IDI Welcomes Government Decision on Conversion
Institute Vows to Continue Advocating for Improvements in Conversion Process
In response to the government decision on conversion, IDI's President Yohanan Plesner, VP of Research Prof. Yedidia Stern, and VP of Research Prof. Mordechai Kremnitzer welcomed the decision with the following words.
"The Israel Democracy Institute congratulates the government of Israel on the adoption of a historic decision to open the gates of religious conversion to Israelis who wish to join the Jewish People.
"IDI, together with ITIM, prepared a draft of a comprehensive bill for regulation of conversion in Israel, and we are delighted that the government today adopted an important and central part of our proposal.
"The central innovation in the government’s decision, following the Institute’s proposal, is to break the monopoly of the Chief Rabbinate over determining the validity of conversions performed in Israel. Henceforth, local rabbinic courts [batey din] headed by municipal rabbis, will have full authority to perform conversions in Israel. As is well known, there is a plurality of opinions concerning the halakhic standards required for conversion, and this decision will enable the establishment of conversion courts throughout the country that will adopt lenient halakhic positions. These courts will open their gates to Israeli citizens who are not Jews—approximately 300,000 immigrants from the former Soviet Union—thus redressing the infringement of their human rights and contributing to social cohesion in Israel.

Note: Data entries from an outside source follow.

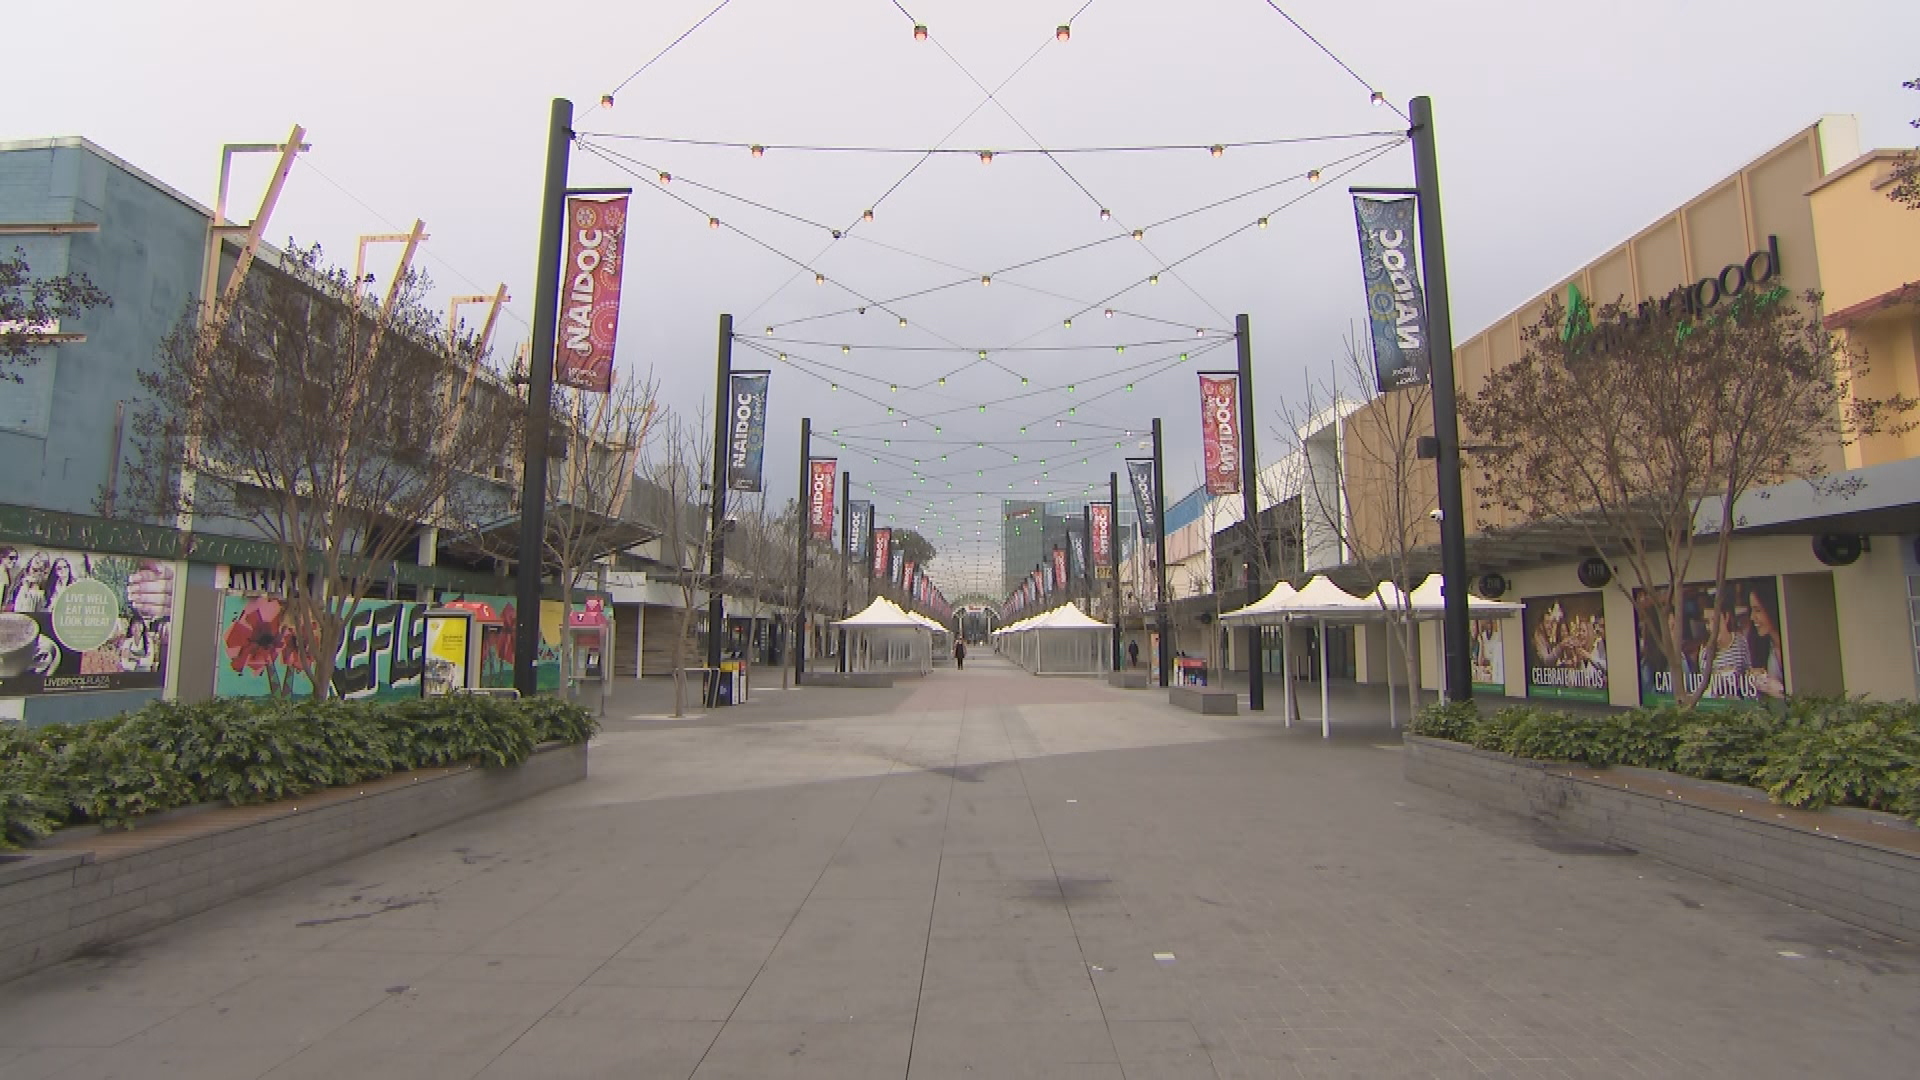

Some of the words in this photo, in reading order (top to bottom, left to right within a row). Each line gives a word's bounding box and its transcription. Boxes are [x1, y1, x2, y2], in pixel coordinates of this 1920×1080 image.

[567, 229, 603, 350] NAIDOC
[733, 393, 752, 468] NAIDOC
[813, 473, 824, 525] NAIDOC
[850, 511, 861, 552] NAIDOC
[66, 593, 84, 603] LIVE
[87, 593, 108, 604] WELL
[66, 605, 81, 615] EAT
[85, 605, 105, 615] WELL
[60, 616, 82, 627] LOOK
[85, 617, 109, 627] GREAT
[1532, 667, 1568, 685] CELEBRATE
[1569, 669, 1590, 687] WITH
[1592, 670, 1604, 688] US
[1655, 671, 1687, 692] CAT
[1740, 673, 1757, 697] US

"Although we condone the government’s decision, it is not enough. It would have been better had the proposal passed in the form of a law of the Knesset as opposed to a government decision, as appropriate for such a serious matter. Following a change in the composition of the coalition, a government decision can be overturned by a subsequent government decision. Moreover, the current decision leaves the authority to issue conversion certificates in the hands of the Chief Rabbinate, which may abuse this power. In addition, the decision does not address the vital question of retroactive annulment of conversions. Finally, even though the government decision breaks the monopoly of the Rabbinate, it provides for recognition of conversions performed in Israel only if the converting rabbis are Orthodox.
"Nevertheless, the decision adopted by the government today offers grounds for optimism due to the progress made on such a complex and important issue. IDI is proud of its role in bringing about this welcome change. We intend to continue to address the challenge of conversion in Israel until it is fully resolved."